**WHAT THE EXERCISE ASKS**
All entries should be copied exactly; the pictures stay out.

**DATA SHOWN**
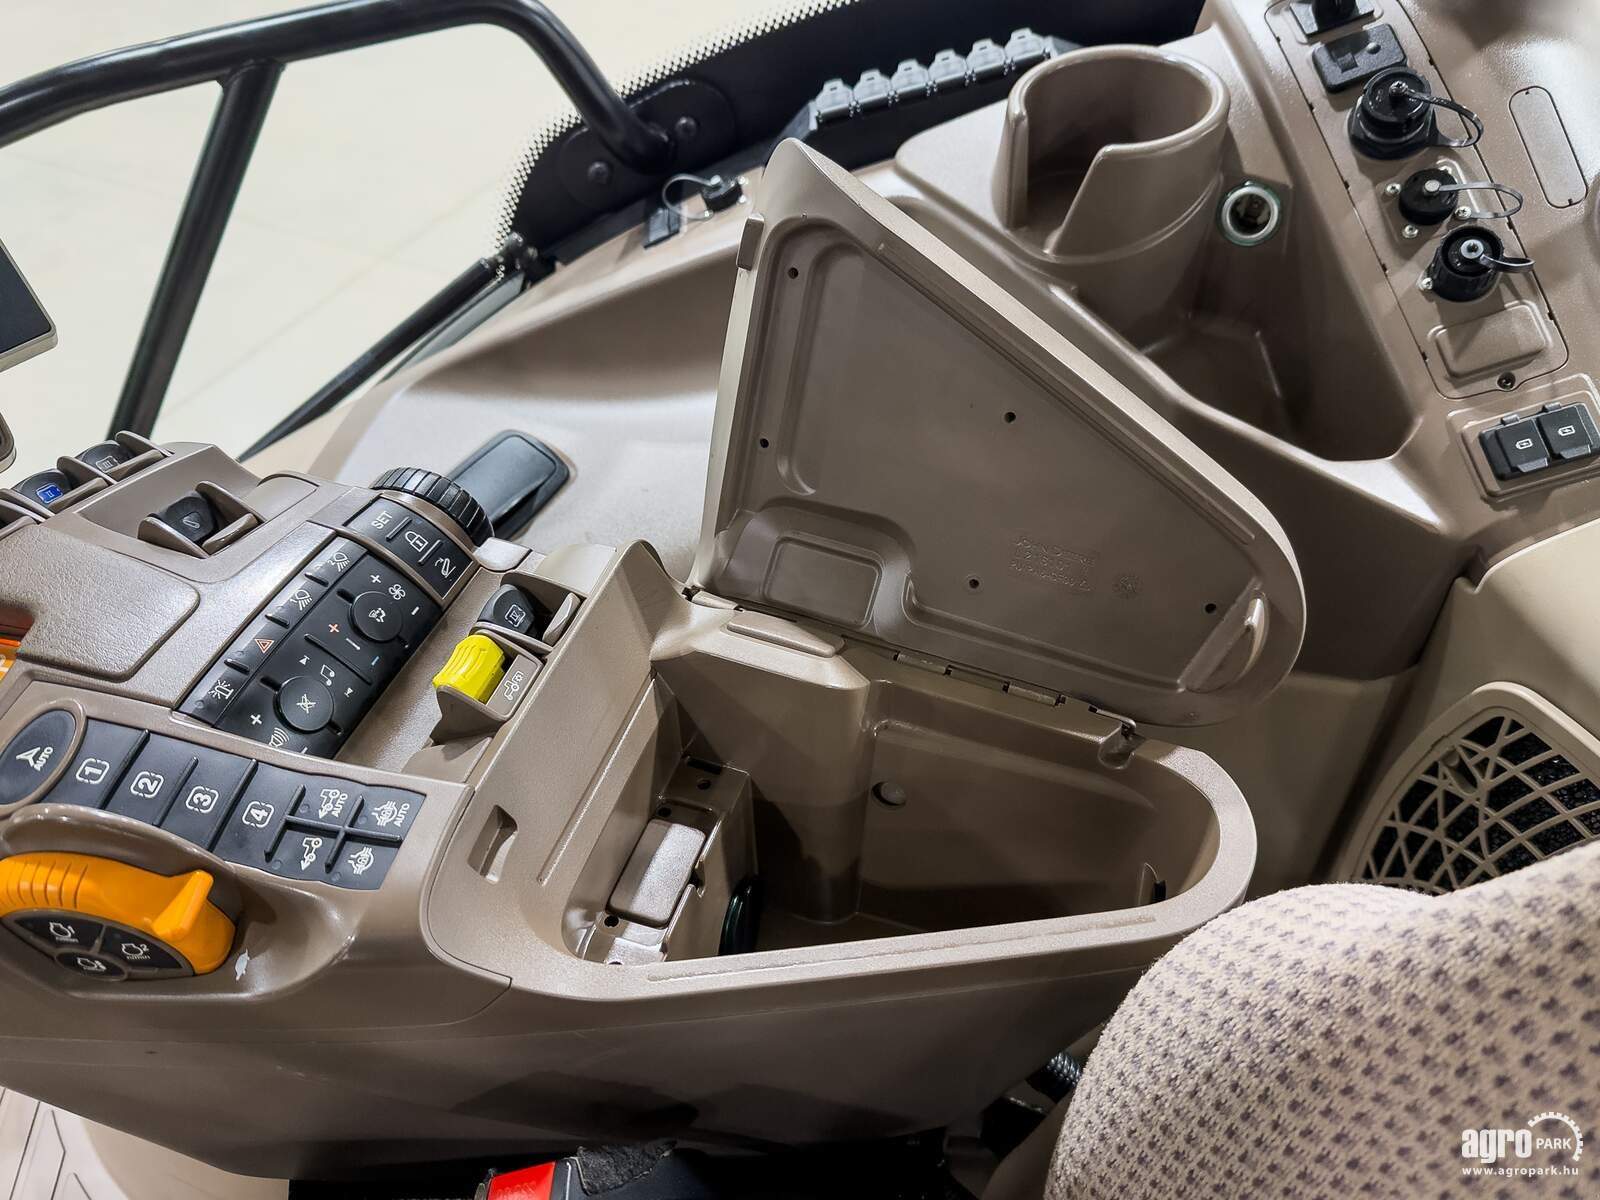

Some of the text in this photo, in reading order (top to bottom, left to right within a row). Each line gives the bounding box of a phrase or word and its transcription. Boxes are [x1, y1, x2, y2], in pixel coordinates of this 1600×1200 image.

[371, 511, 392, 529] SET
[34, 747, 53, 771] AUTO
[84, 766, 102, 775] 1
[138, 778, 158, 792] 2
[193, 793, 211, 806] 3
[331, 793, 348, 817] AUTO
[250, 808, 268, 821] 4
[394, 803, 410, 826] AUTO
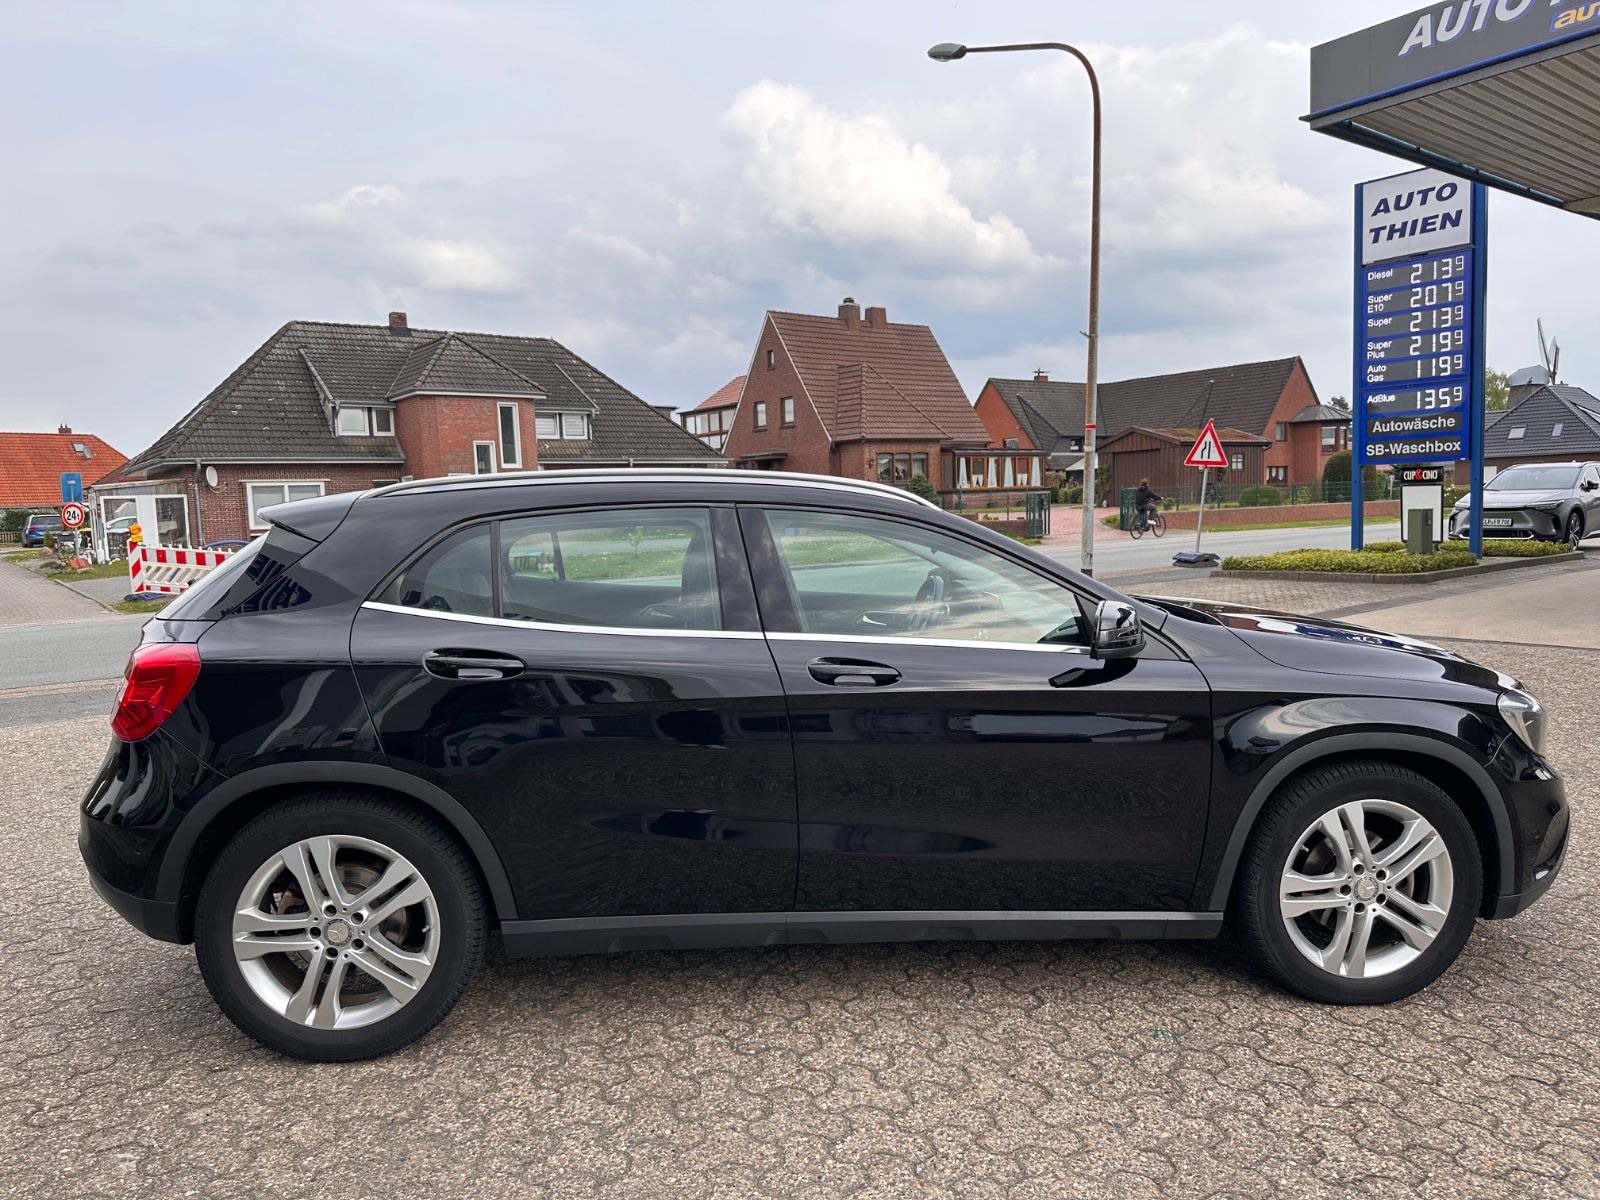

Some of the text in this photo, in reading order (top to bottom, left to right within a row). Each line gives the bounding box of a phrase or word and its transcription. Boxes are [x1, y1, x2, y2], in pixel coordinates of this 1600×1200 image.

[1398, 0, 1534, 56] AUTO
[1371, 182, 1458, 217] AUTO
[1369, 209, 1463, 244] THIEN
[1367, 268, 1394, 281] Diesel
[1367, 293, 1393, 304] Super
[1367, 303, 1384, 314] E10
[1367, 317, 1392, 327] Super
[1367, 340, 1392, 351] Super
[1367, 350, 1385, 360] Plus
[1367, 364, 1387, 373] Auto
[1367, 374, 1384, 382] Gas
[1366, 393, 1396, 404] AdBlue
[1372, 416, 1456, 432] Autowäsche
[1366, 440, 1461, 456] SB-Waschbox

**REPLY TO THE EXERCISE**
Some of the text in this photo, in reading order (top to bottom, left to right within a row). Each line gives the bounding box of a phrase or word and its transcription. Boxes are [x1, y1, x2, y2], in pixel coordinates of this 1600×1200 image.

[371, 511, 392, 529] SET
[34, 747, 53, 771] AUTO
[84, 766, 102, 775] 1
[138, 778, 158, 792] 2
[193, 793, 211, 806] 3
[331, 793, 348, 817] AUTO
[250, 808, 268, 821] 4
[394, 803, 410, 826] AUTO

Some of the text in this photo, in reading order (top to bottom, left to right within a row). Each line gives the bounding box of a phrase or word and its transcription. Boxes are [x1, y1, x2, y2], in pixel coordinates of this 1600×1200 image.

[1398, 0, 1534, 56] AUTO
[1371, 182, 1458, 217] AUTO
[1369, 209, 1463, 244] THIEN
[1367, 268, 1394, 281] Diesel
[1367, 293, 1393, 304] Super
[1367, 303, 1384, 314] E10
[1367, 317, 1392, 327] Super
[1367, 340, 1392, 351] Super
[1367, 350, 1385, 360] Plus
[1367, 364, 1387, 373] Auto
[1367, 374, 1384, 382] Gas
[1366, 393, 1396, 404] AdBlue
[1372, 416, 1456, 432] Autowäsche
[1366, 440, 1461, 456] SB-Waschbox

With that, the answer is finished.